O racismo é uma forma de violência e promotor do estresse tóxico, aquela sensação de que a qualquer momento algo ruim pode acontecer e isso é nocivo para o desenvolvimento emocional
Maíra Souza
Oficial da primeira infância do Unicef

Aldemar Costa, psicólogo social e doutorando na área, pesquisador de temáticas envolvendo juventude, violência e raça, acrescenta que alguns estudos apontam também prejuízos para áreas do cérebro.

“São experiências de violência constante que as crianças vão enfrentar e elas não tem tantos mecanismos para lidar com isso”, frisa.

O médico psiquiatra Adalberto Barreto, colunista do Diário do Nordeste, observa que situações estressoras dentro de casa também levam ao estresse tóxico. "O clima familiar marcado por ameaças, medo, ciúmes, críticas e falta de apoio entre os membros, vai gerando um ambiente de insegurança e ansiedade", pontua.

"Quando além desses contextos desestruturantes ocorre uma vulnerabilidade social com crianças negras ou indígenas a situação fica mais dramática, porque tem os preconceitos que comprometem o maior patrimônio de uma pessoa: a confiança em si".

O Observatório da Saúde da Criança e do Adolescente, da Universidade Federal do Minas Gerais, lista alguns sintomas e sinais ligados ao estresse tóxico em crianças:

  • Irritabilidade
  • Distúrbios do sono
  • Falta de equilíbrio
  • Queda da imunidade e mudança brusca de comportamento
  • Queda no desempenho escolar (médio prazo e longo prazo)
  • Aparecimento de transtornos comportamentais, como ansiedade e a depressão (médio prazo e longo prazo)

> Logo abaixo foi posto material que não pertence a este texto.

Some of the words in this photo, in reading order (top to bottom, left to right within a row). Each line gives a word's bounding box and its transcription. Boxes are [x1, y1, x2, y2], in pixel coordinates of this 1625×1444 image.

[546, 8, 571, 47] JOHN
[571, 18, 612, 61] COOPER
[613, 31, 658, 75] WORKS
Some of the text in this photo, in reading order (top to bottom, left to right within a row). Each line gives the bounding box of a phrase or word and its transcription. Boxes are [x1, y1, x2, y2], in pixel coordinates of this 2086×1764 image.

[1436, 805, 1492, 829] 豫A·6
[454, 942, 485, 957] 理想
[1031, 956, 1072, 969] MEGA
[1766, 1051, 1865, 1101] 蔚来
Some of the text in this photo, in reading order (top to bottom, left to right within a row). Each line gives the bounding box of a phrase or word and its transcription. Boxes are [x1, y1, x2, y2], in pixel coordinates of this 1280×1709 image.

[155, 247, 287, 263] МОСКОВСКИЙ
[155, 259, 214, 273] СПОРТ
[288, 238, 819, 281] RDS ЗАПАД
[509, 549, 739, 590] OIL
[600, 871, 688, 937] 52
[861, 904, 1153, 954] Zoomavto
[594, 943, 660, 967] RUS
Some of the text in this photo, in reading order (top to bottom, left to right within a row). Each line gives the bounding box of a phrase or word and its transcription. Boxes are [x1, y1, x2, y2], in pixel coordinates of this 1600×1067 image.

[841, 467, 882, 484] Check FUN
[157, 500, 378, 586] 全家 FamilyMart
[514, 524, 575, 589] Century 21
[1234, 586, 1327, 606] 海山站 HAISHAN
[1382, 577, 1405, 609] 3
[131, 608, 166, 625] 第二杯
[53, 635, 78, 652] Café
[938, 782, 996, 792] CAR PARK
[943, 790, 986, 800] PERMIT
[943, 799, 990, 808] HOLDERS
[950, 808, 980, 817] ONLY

Manifestações do estresse tóxico

Ao vivenciar uma situação de racismo, as crianças – ainda no processo de formação do repertório para dar significado ao mundo – podem acumular diversos prejuízos sem entender o motivo.

“Um dos principais efeitos do racismo é afastar a criança do convívio social, à medida que ao enfrentar essa violência precisa se afastar quase como um mecanismo de defesa. A criança pode ter dificuldade de interação social e isso vai ter repercussões sobre o seu desenvolvimento”, analisa.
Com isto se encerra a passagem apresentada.